All this points to a wider and long cherished role for public relations practitioners. A regular complaint is about how ‘busyness’ prevents the strategic. The AI governance role is one to be grasped. Someone who has an overview of the organisation, who knows stakeholders and their expectations and tolerances, who is attuned to recognising risk, who understands reputational jeopardy, who knows the difference between right and wrong. is a role well suited to the public relations professionals’ capability set. 

Is there anything in the public relations remit that AI will not be able to do in future? The panel were very clear that areas such as governance, leadership and good management are human activities not amenable to AI, as are good judgement, integrity, building trusted relationships, offering sound, nuanced advice to senior managers. To fulfil this remit, practitioners will of course need digital and data literacy, but they will also need critical thinking skills, an ability to challenge, to understand people, exercise emotional intelligence and make decisions ethically.

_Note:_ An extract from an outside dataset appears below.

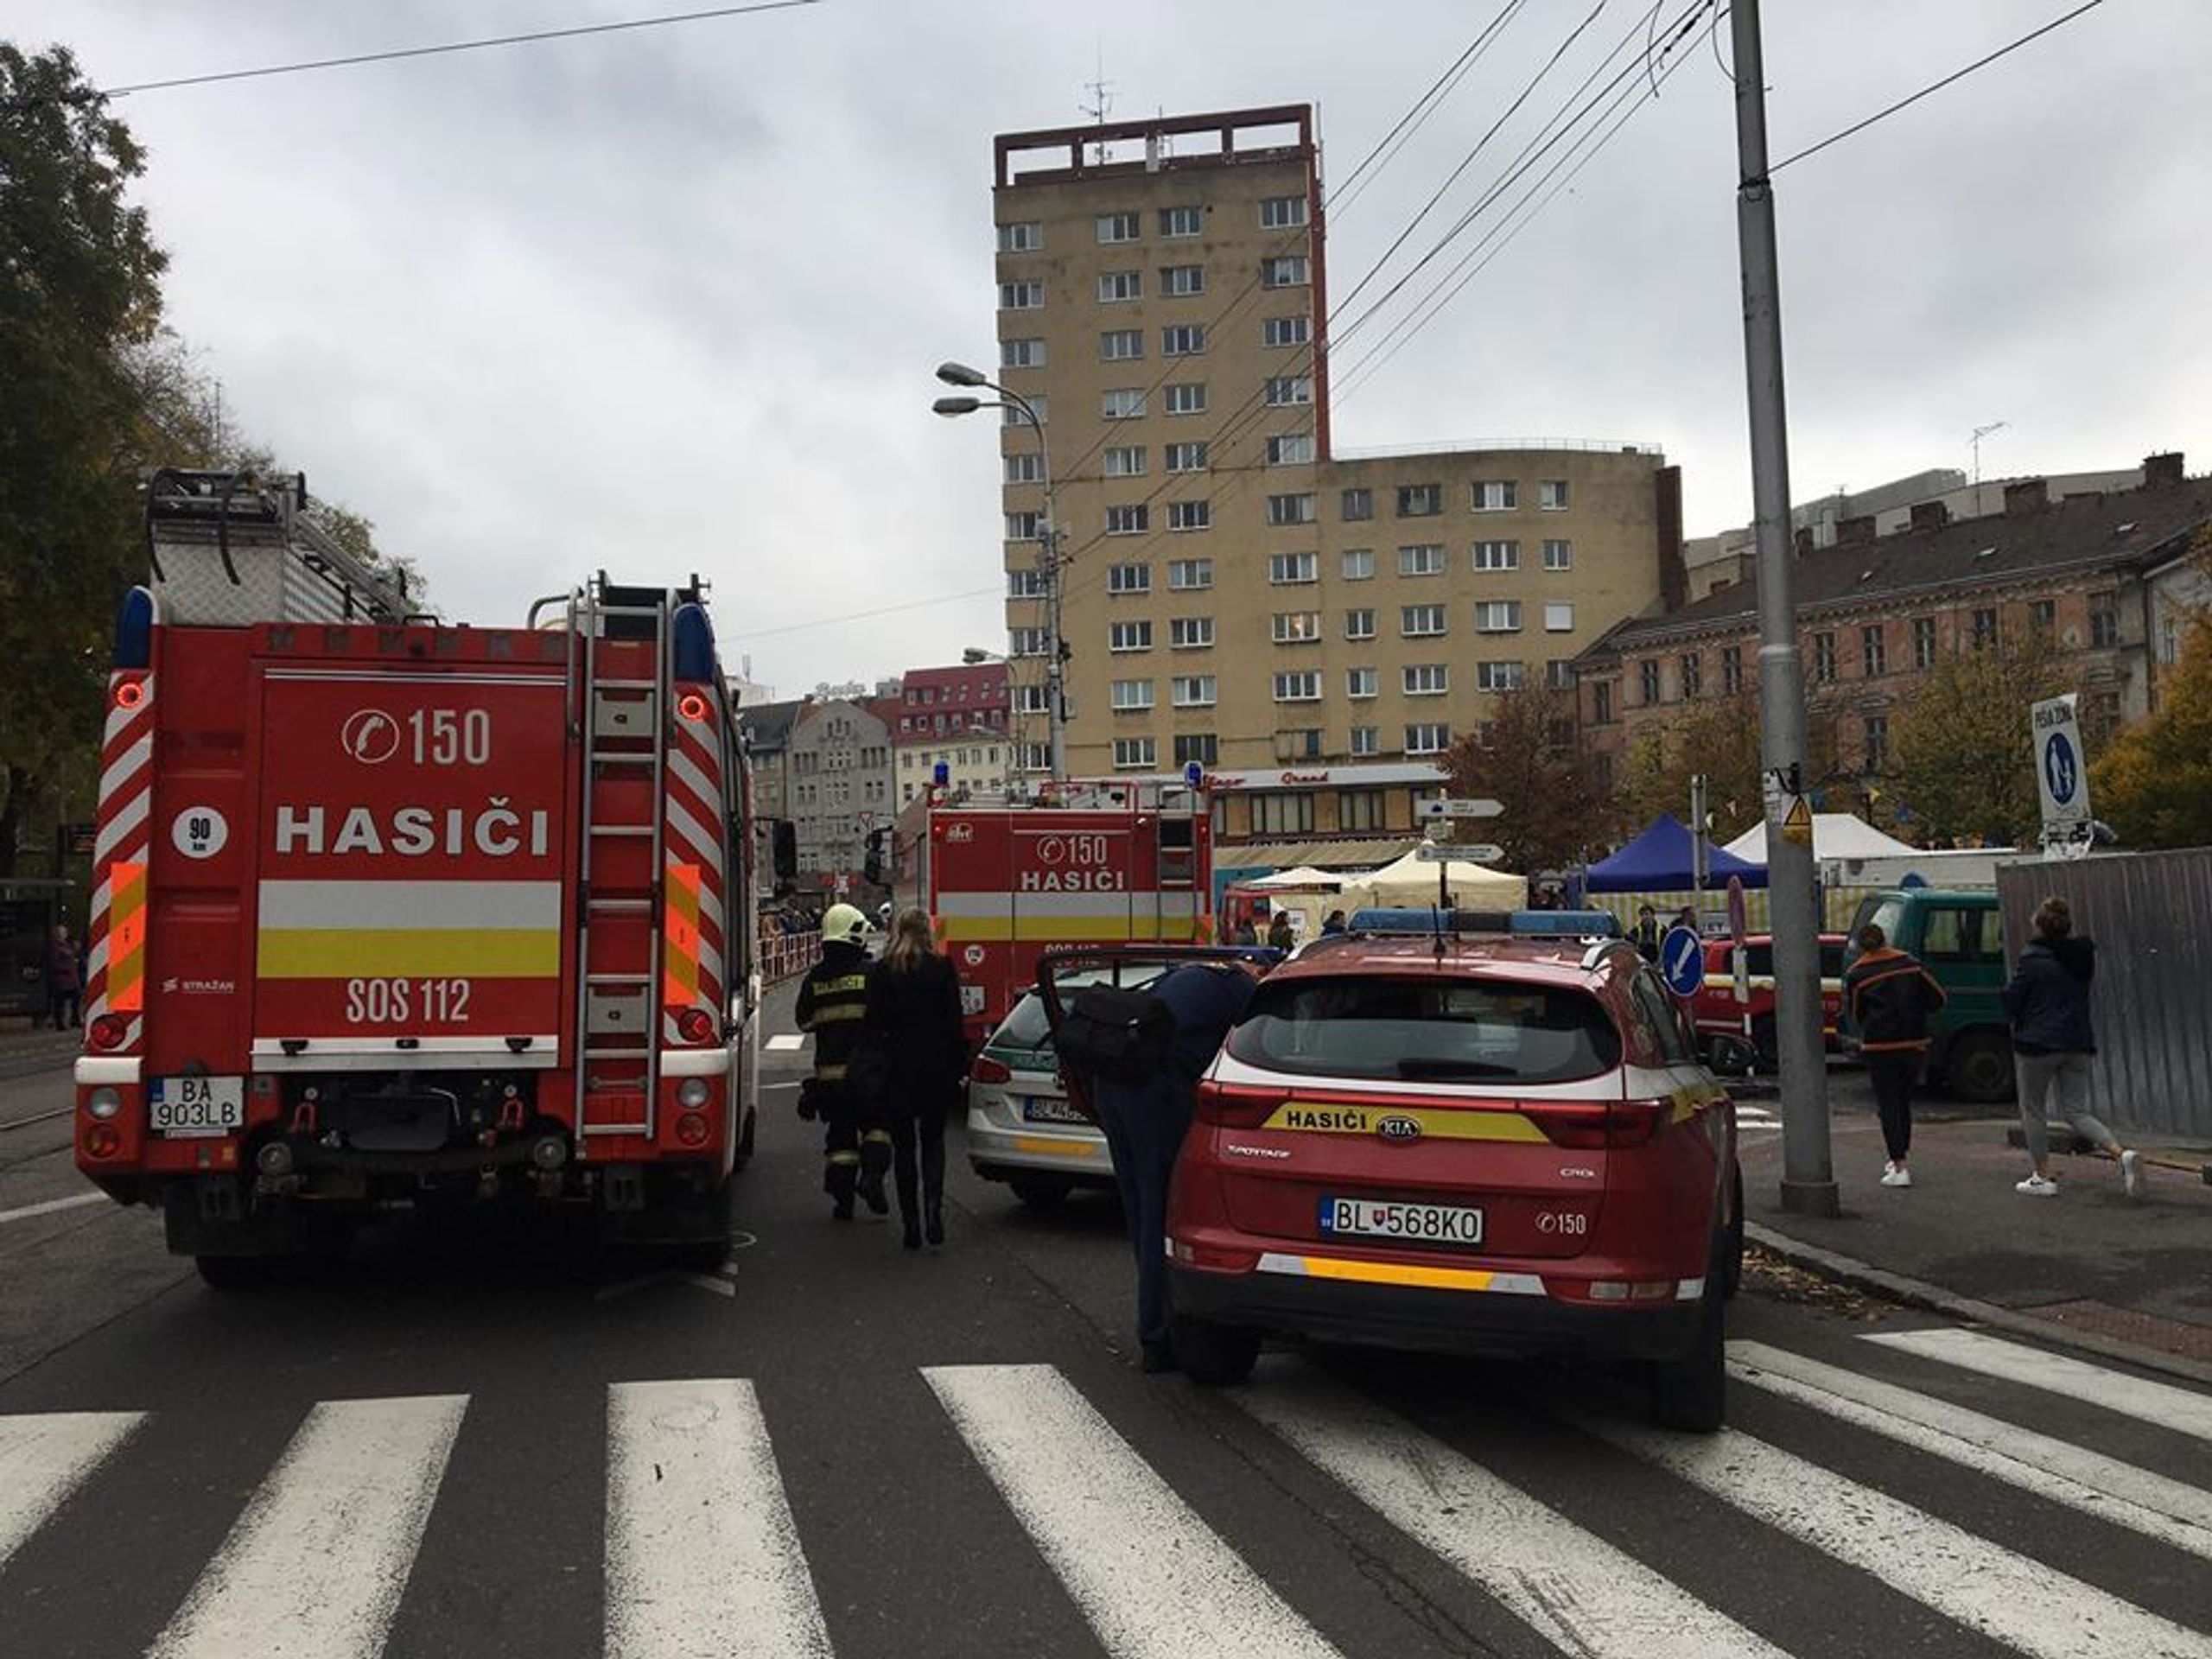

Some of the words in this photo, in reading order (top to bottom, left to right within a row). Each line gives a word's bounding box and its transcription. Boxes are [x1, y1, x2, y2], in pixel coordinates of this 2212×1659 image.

So what with public relations look like in five years’ time? It’s clear the profession is at a transition point and it’s time to up and accelerate the game. But the honest answer is ‘who knows’? There are already working autonomous agents who can be given objectives to meet and who will develop the ways and means to meet those objectives without human intervention. The last five months have seen remarkable strides in AI. What the next five years will bring is both opportunity and scary, but one huge contribution the public relations profession can make is to encourage a global conversation about what sort of society we want and what role AI should play in it.

The AI &PR: Threat or Tool Panel was Chaired by Amy Stupavsky from CIPR Corporate and Financial Group and comprised Allison Spray, managing director of data and analytics at H+K; Andrew Bruce Smith, CIPR fellow, chair of the CIPR’s AIinPR panel;  Professor Emeritus Anne Gregory, CIPR board and member AI inPR panel and member of the Echo Advisory Board; Grant Somerville, global head of corporate and financial communications at Melbury Wood; Matías Rodsevich, founder and CEO of PRLab; Neil Morrison, head of measurement at Signal AI.